The CCTO is a mixed epithelial and mesenchymal odontogenic tumor that has a wide range of clinical and radiological appearance, which can simulate (or possibly coexist with) a different number of pathological conditions1. Based on these data, a detailed evaluation is necessary to establish a precise final diagnosis and an adequate treatment.


CCTO incidence varies in literature; however, all studies indicate that it is a rare lesion2,4. In fact, in a recent study, Fernandes et al.5 were able to detect only 12 cases (3.5%) of CCTO in 340 cases of odontogenic tumors in a Brazilian population.

The general clinical aspects (e.g. age, lesion localization and symptoms) of this case are in consonance with those previously described in the literature for CCTO2,3,7. Although the incidence of CCTO is mostly in the second decade of life, this lesion may occur at any age. In this case, it occurs in the first decade of life. The lesion appeared in the anterior portion of the mandible, and the literature indicates the anterior portions of both jaws as the most common sites for CCTO3-5,7-9,16.


In the present case, the CCTO presented a slow growing and a painless swelling that caused clinical teeth dislocation, common features of several benign intraosseous lesions. The radiographic examination demonstrated a solitary, well-circumscribed radiolucent area which displaced adjacent teeth. No calcifications were identified on plain radiographs. The absence of fever, lymphadenopathies and erythemas (intraoral and extraoral), associated with the presence of teeth vitality, excluded the diagnosis of inflammatory lesions. Due to the rarity of CCTO, the preoperative diagnosis is difficult to be done based only on clinical and radiographic features of the lesion. From a clinical and radiographic point of view, differential diagnosis included benign radiolucent lesions, such as central giant cell granuloma (CGCG), keratocystic odontogenic tumor (KCOT) and ameloblastoma11,13. Based on the fact that these lesions require different treatments, incisional biopsy and histopathologic analysis were necessary for the final diagnosis. In this case, incisional biopsy was planned under local anesthesia; however, when the lesion was accessed, it detached entirely resulting in an excisional biopsy. The diagnosis of CCTO was histologically determined.


Radiographically, CCTO generally appears as a unilocular lesion with well-defined margins in which calcifications may be observed. The radiographic aspects of the lesion described in this paper showed similar characteristics to those of the current literature3,4,6,14,16 although calcifications were not observed on plain film. The absence of evident mineralized tissue on radiographs was also reported in other studies in which calcified bodies were microscopically found.

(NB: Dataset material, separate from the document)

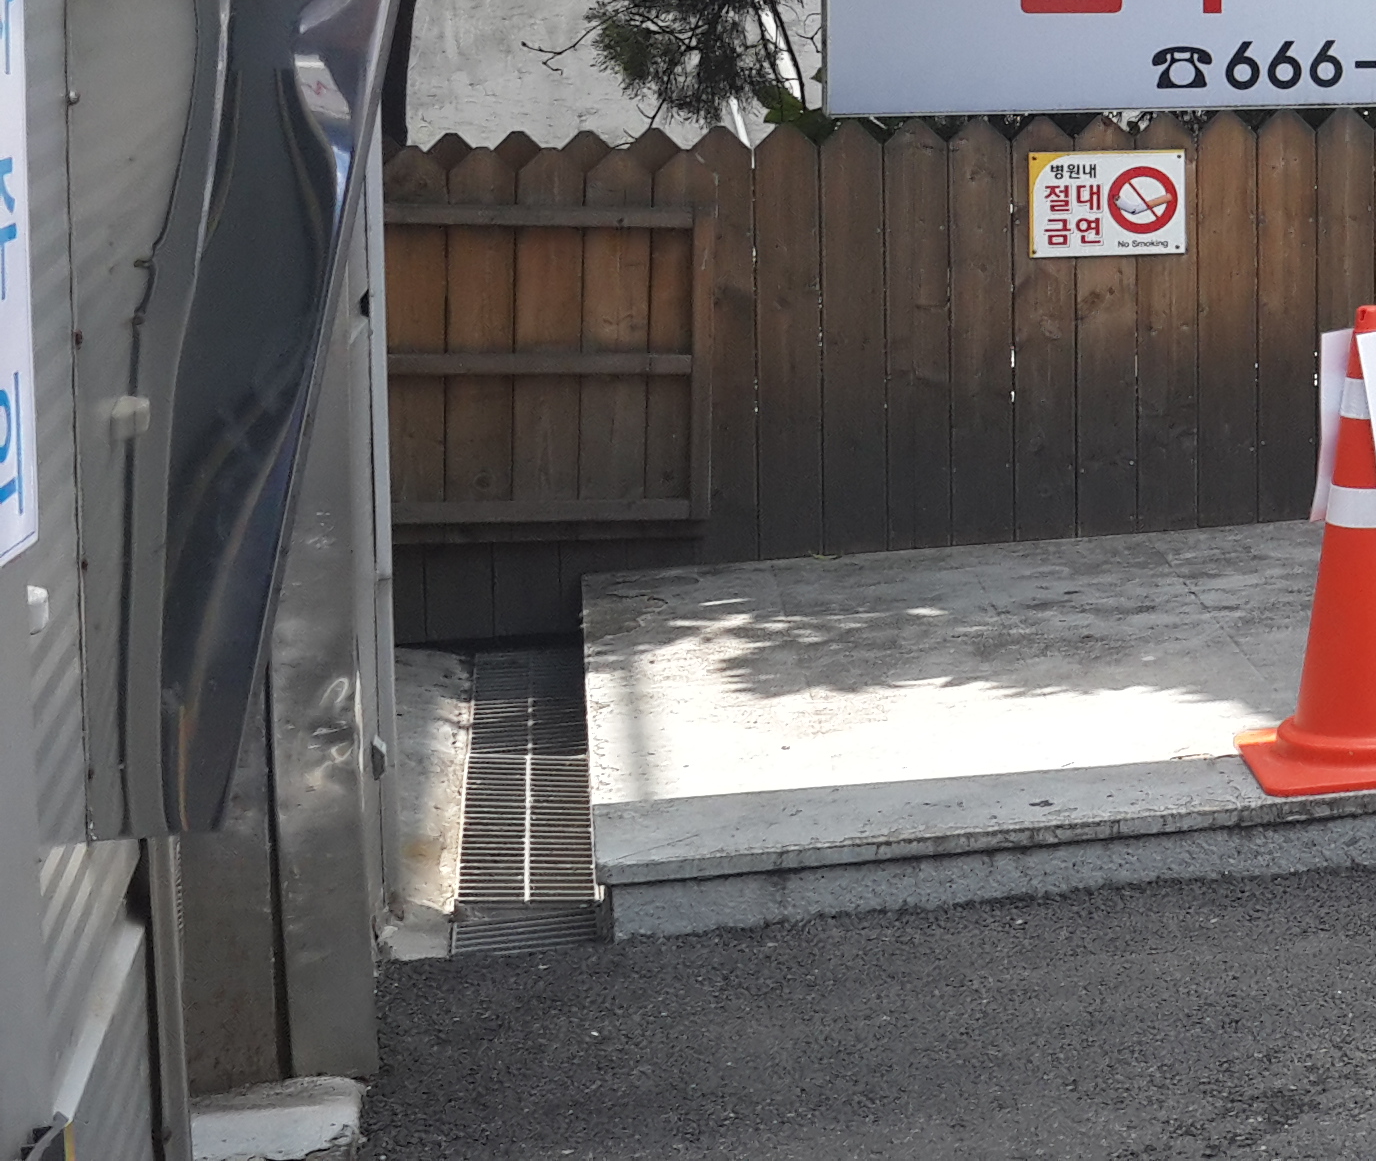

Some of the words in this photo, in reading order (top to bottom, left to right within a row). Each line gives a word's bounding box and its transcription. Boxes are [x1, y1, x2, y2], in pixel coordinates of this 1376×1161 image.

In fact, calcifications had been detected in about half of all CCTO3,4. Some reports have indicated that computed tomography (CT) may be more successful than plain film radiography in depicting such calcification, because such calcifications may be obscured in plain radiographs by superimposition of anatomic details14,16.

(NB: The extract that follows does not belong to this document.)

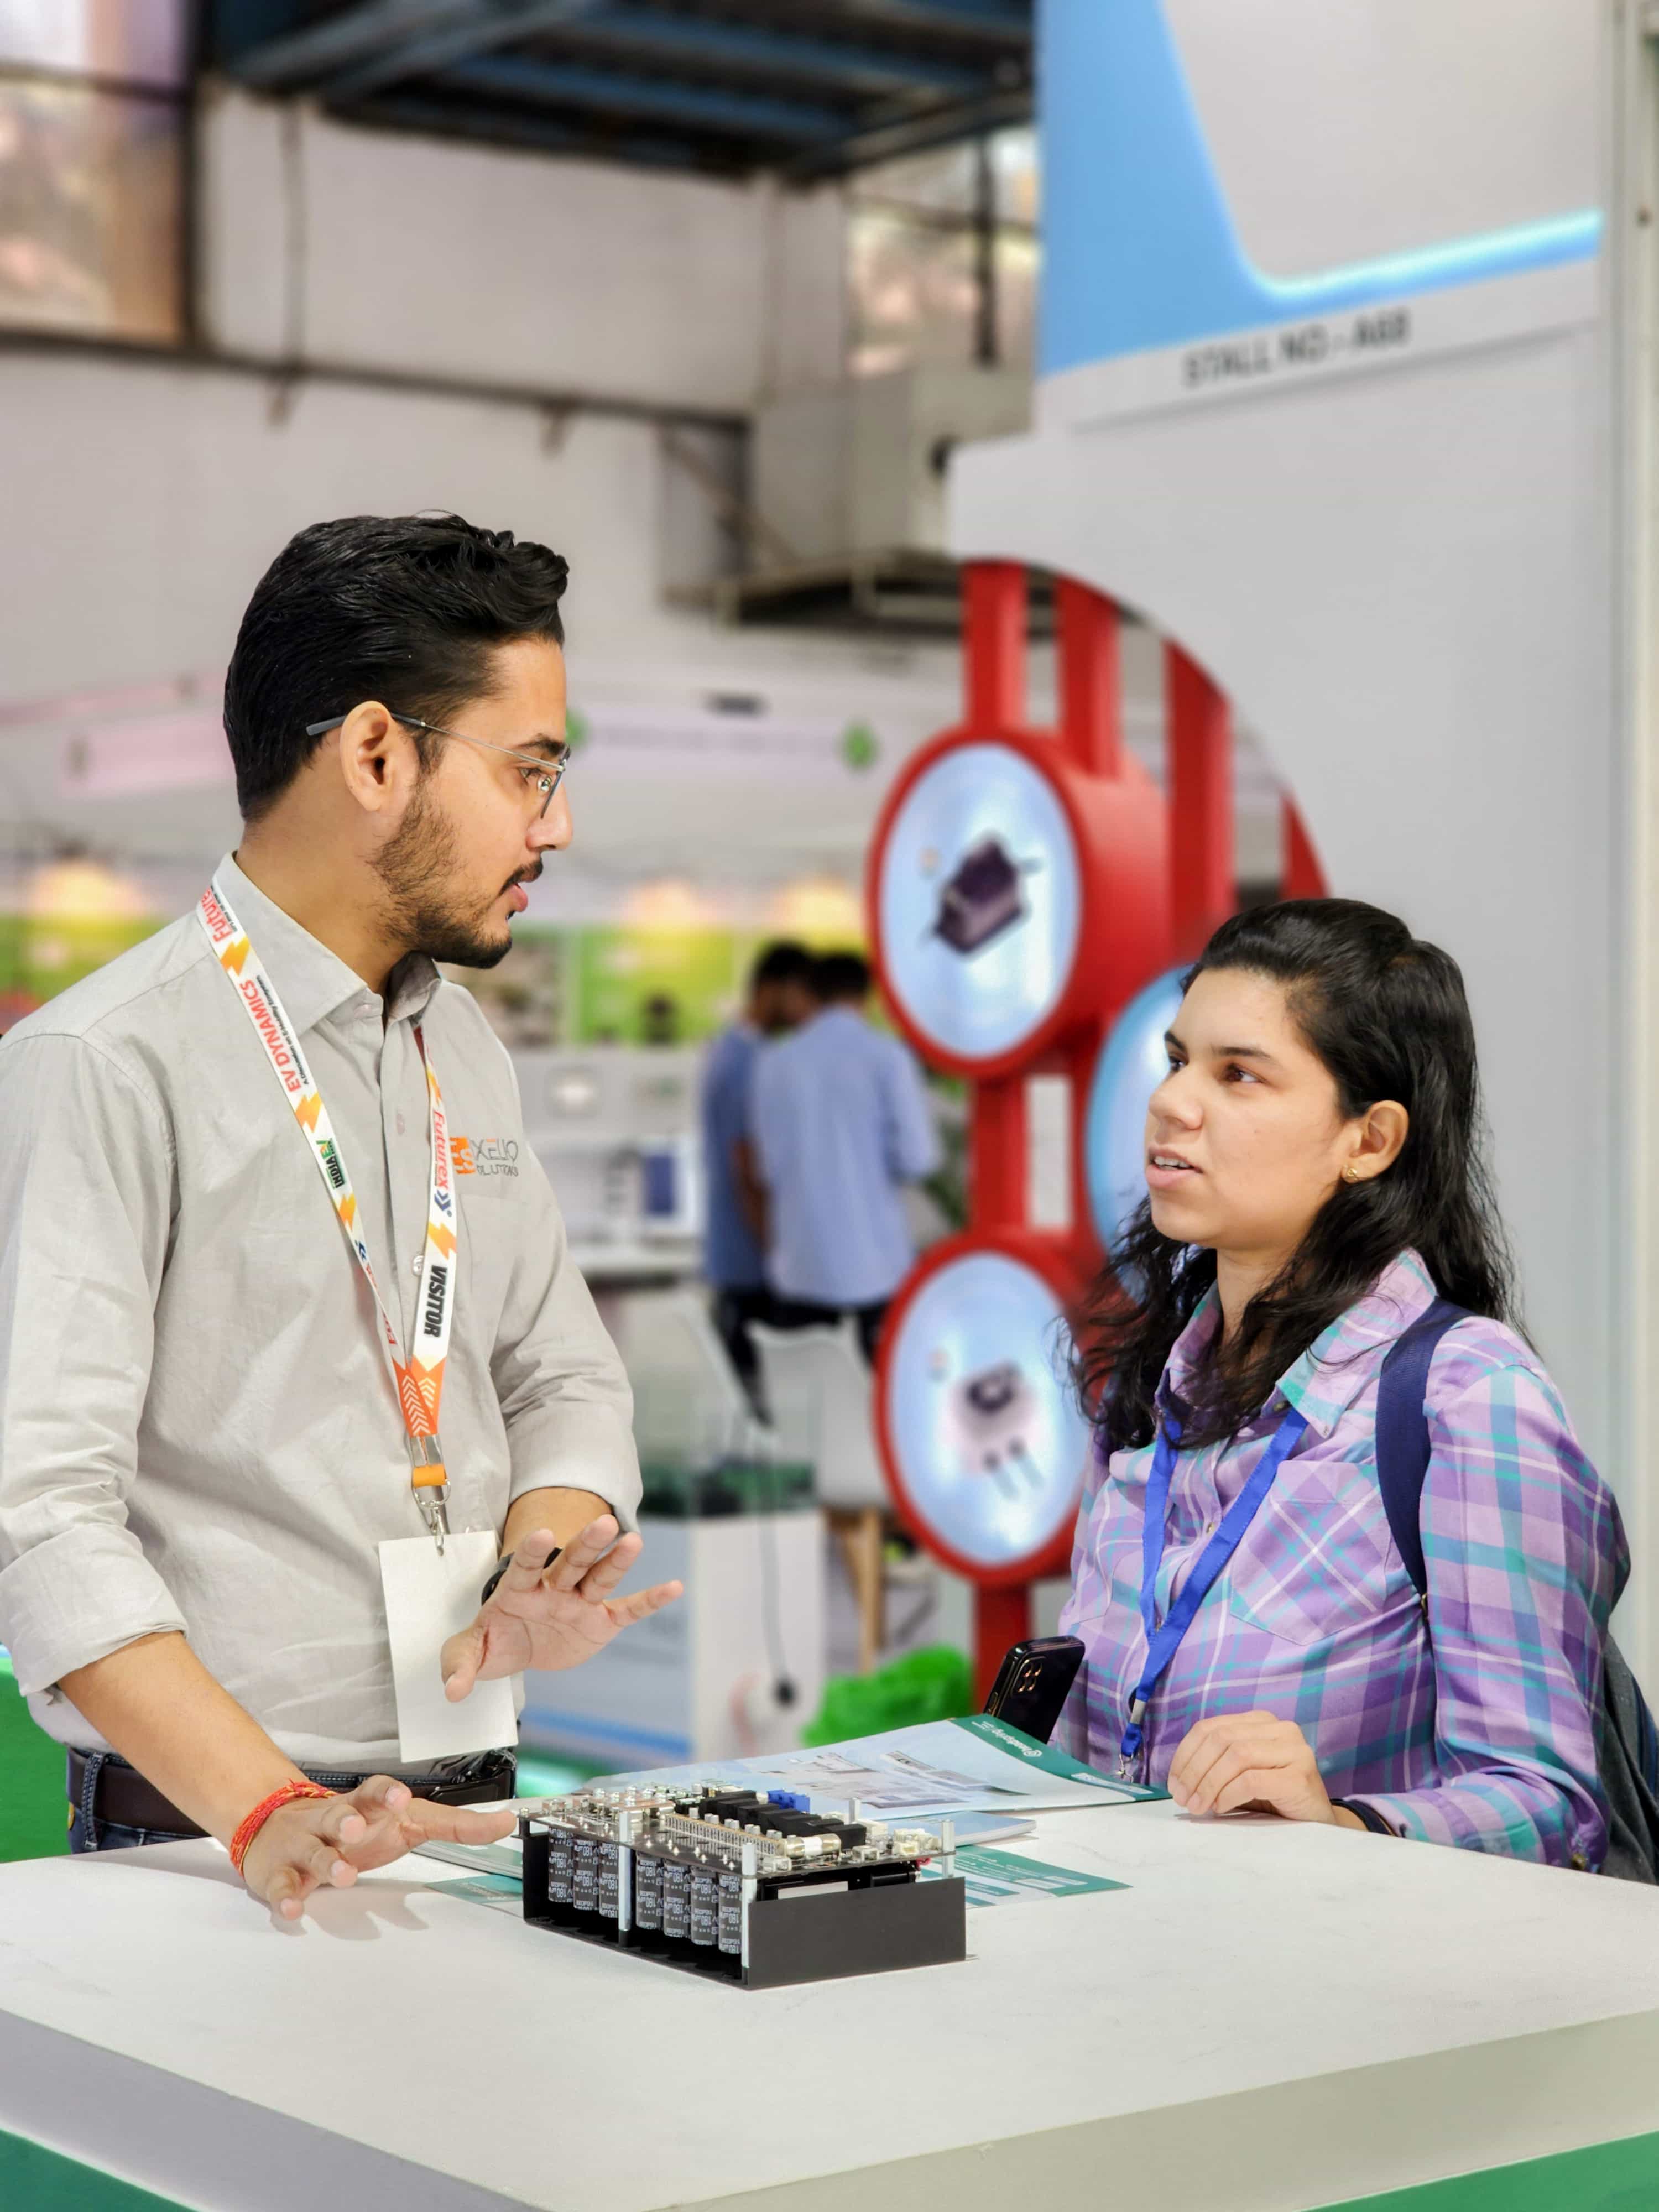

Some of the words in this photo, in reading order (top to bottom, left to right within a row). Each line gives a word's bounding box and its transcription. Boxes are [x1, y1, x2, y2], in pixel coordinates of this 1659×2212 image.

[239, 979, 291, 1067] DYNAMICS
[281, 1070, 302, 1092] EV
[434, 1110, 448, 1190] Futurex
[424, 1265, 448, 1338] VISITOR

The CGCG is one of the most important lesions to be discussed in the differential diagnosis, because it has a predilection for women at any age, and most cases occur before the age of 30 years. Moreover, CGCG affects the anterior part of the jaw and 70% of the cases involve the mandible. Usually, this lesion may be present as a unilocular or multilocular radiolucency, often with poorly distinguished borders17.

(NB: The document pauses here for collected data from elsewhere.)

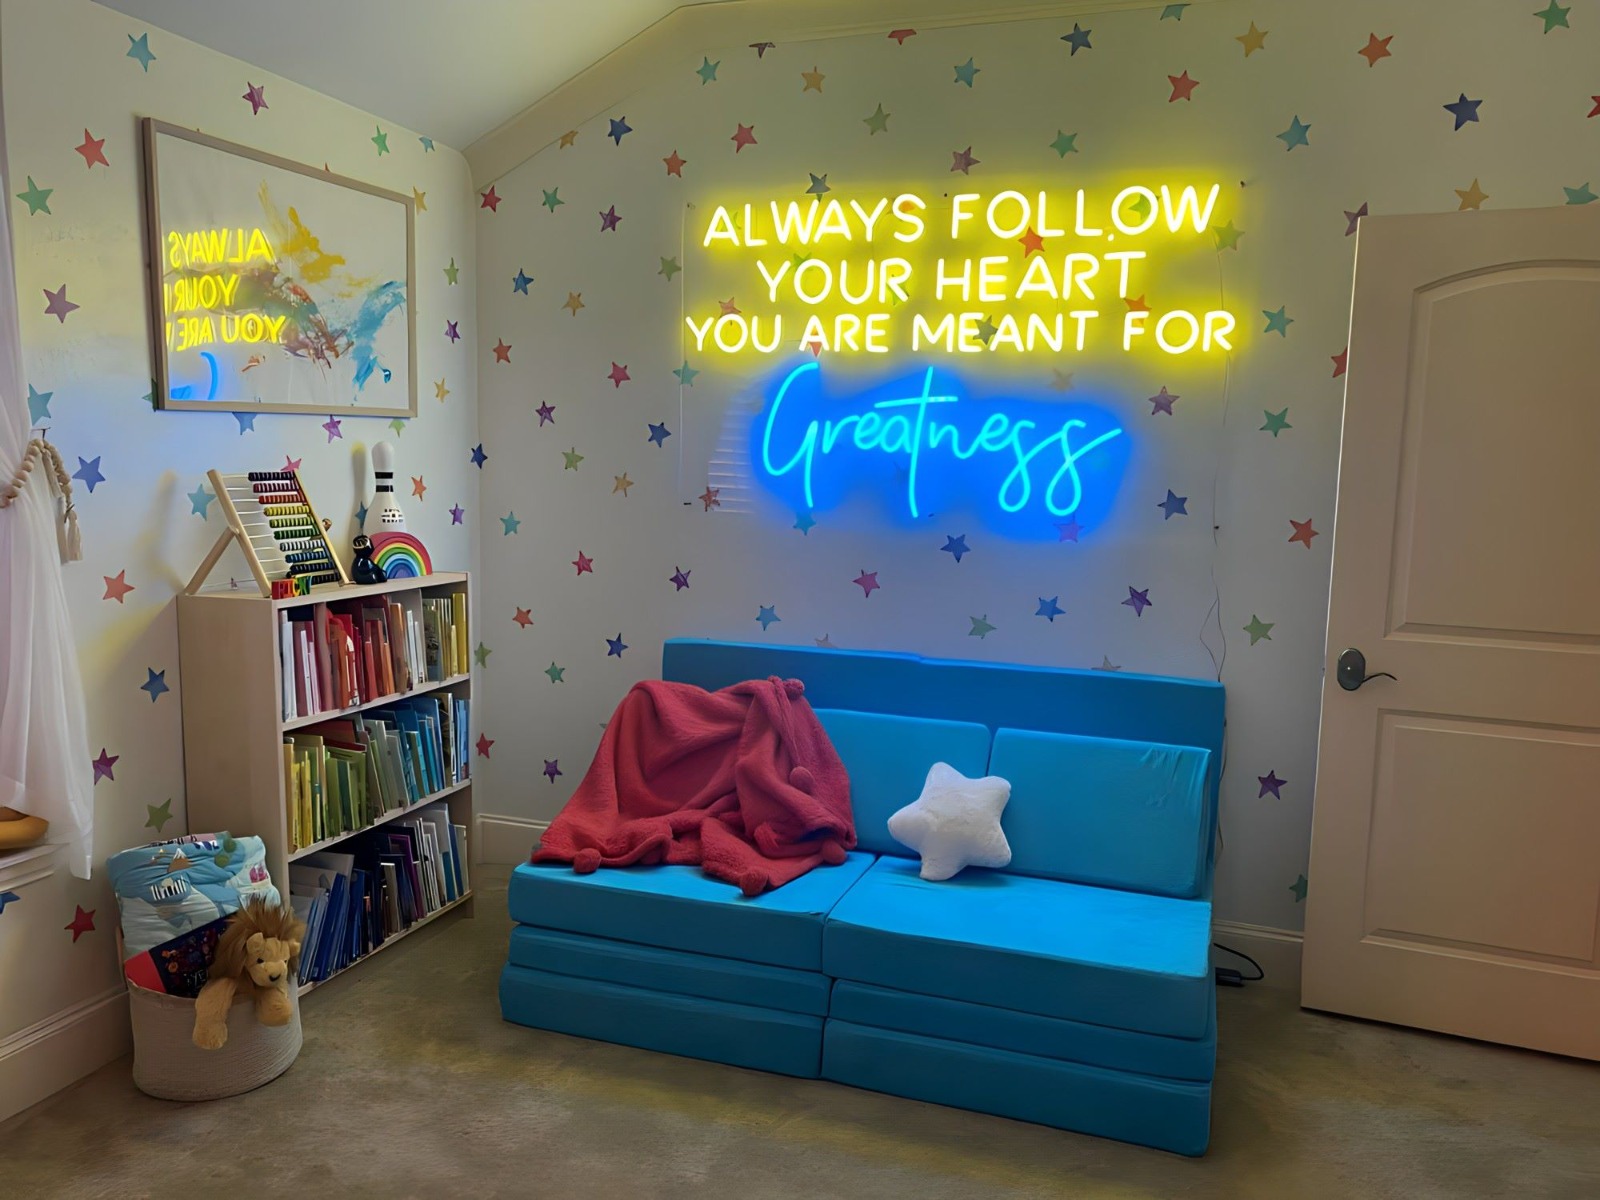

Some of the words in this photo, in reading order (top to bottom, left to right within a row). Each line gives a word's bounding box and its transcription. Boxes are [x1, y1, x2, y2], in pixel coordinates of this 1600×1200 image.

[703, 193, 926, 247] ALWAYS
[950, 183, 1220, 242] FOLLOW
[756, 257, 912, 305] YOUR
[936, 251, 1146, 301] HEART
[685, 314, 782, 353] YOU
[798, 313, 890, 352] ARE
[912, 310, 1099, 352] MEANT
[1123, 310, 1236, 354] FOR
[762, 361, 1122, 518] Greatness

Other important lesion to be considered in the differential diagnosis is the KCOT, that occurs in a wide age range, most commonly in the second and third decade, more frequently in men. Furthermore, this lesion affects mandible twice as often as the maxilla. It was previously known as the odontogenic keratocyst. The name was changed to reflect its neoplastic nature1,2,4. Ameloblastoma, specially the unicystic type, is seen in the second or third decades of life, and must be included in the differential diagnosis. The KCOT and ameloblastoma show slow growing; however, present local invasive behavior and high rate of recurrence if not treated with more aggressive procedures1. On the other hand, the CCTO and CGCG exhibit slow growing, but they are not invasive, thus the treatment generally involves only the enucleation of the lesion1.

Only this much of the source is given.